INSTRUCTIONS TO FOLLOW:
Return all entries word for word, but drop any images.

INPUT DATA:

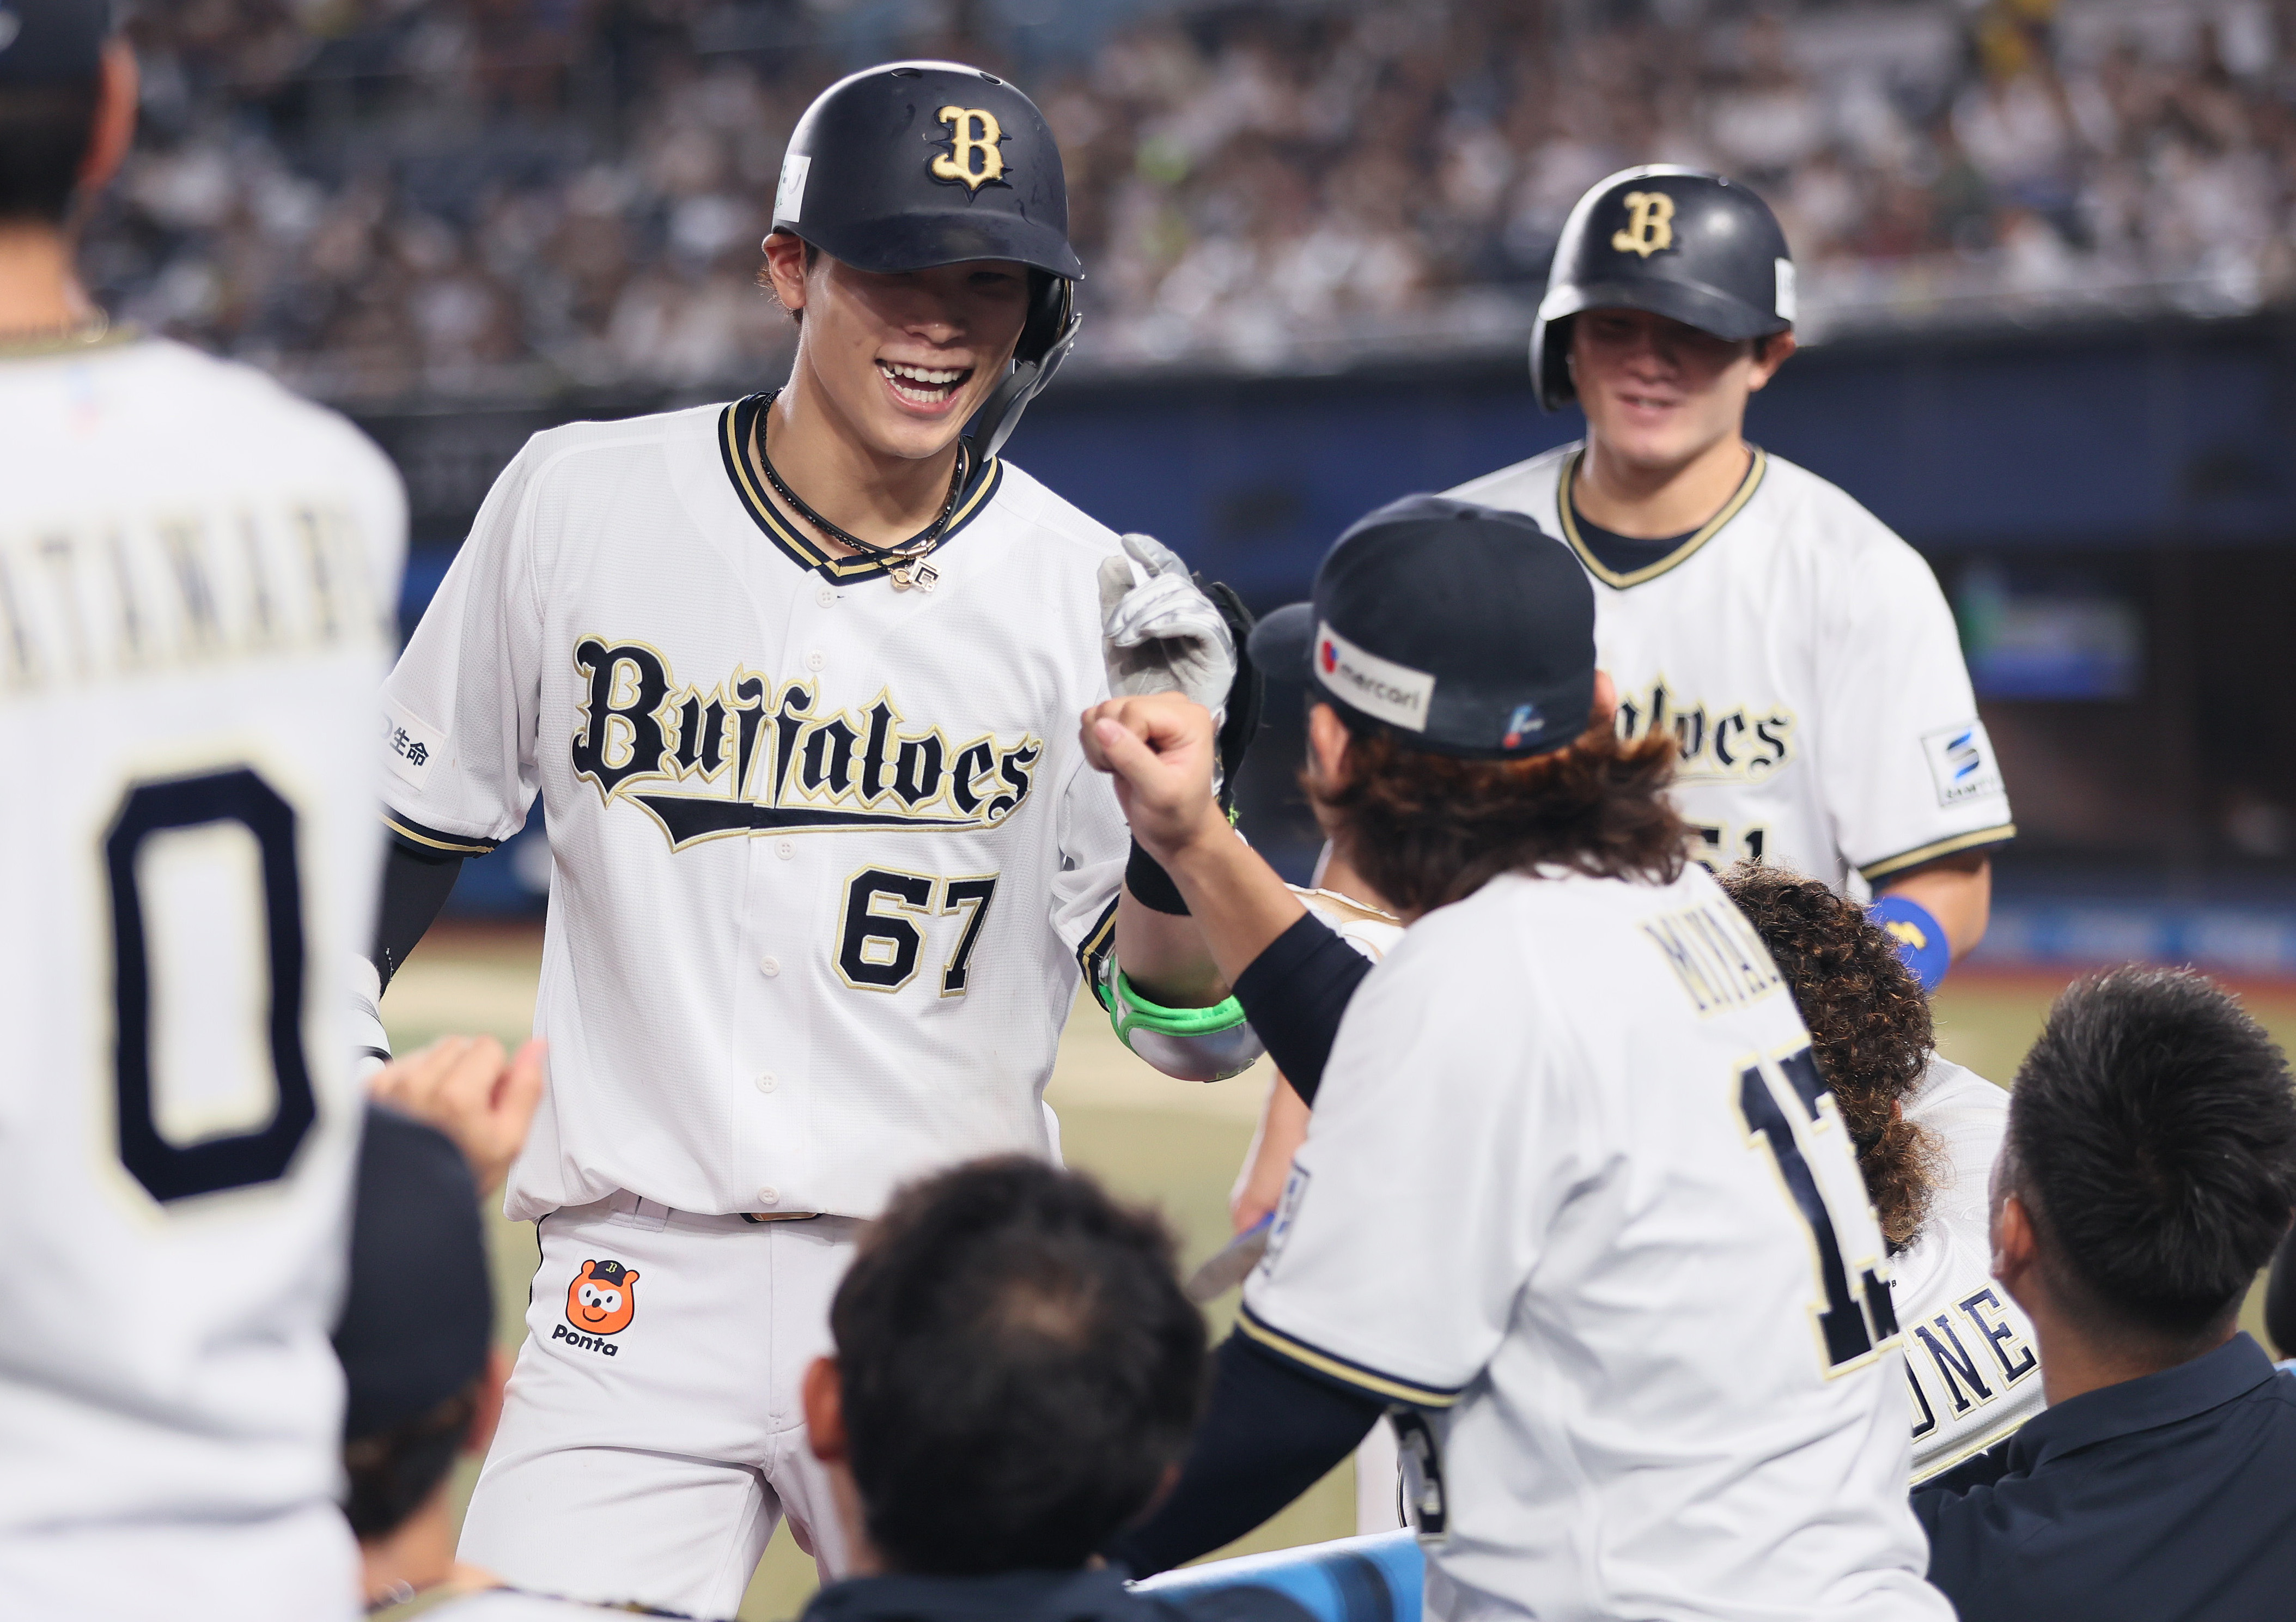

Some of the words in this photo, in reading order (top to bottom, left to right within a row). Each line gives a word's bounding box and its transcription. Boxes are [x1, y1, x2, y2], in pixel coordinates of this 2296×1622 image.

[927, 105, 1012, 199] B
[1611, 191, 1676, 258] B
[1339, 663, 1421, 710] mercari
[389, 726, 430, 766] 生命
[571, 632, 1044, 835] Buffaloes
[832, 863, 1000, 998] 67
[98, 756, 322, 1211] 0
[551, 1324, 619, 1357] Ponta

REPLY:
Some of the words in this photo, in reading order (top to bottom, left to right within a row). Each line gives a word's bounding box and its transcription. Boxes are [x1, y1, x2, y2], in pixel coordinates of this 2296×1622 image.

[927, 105, 1012, 199] B
[1611, 191, 1676, 258] B
[1339, 663, 1421, 710] mercari
[389, 726, 430, 766] 生命
[571, 632, 1044, 835] Buffaloes
[832, 863, 1000, 998] 67
[98, 756, 322, 1211] 0
[551, 1324, 619, 1357] Ponta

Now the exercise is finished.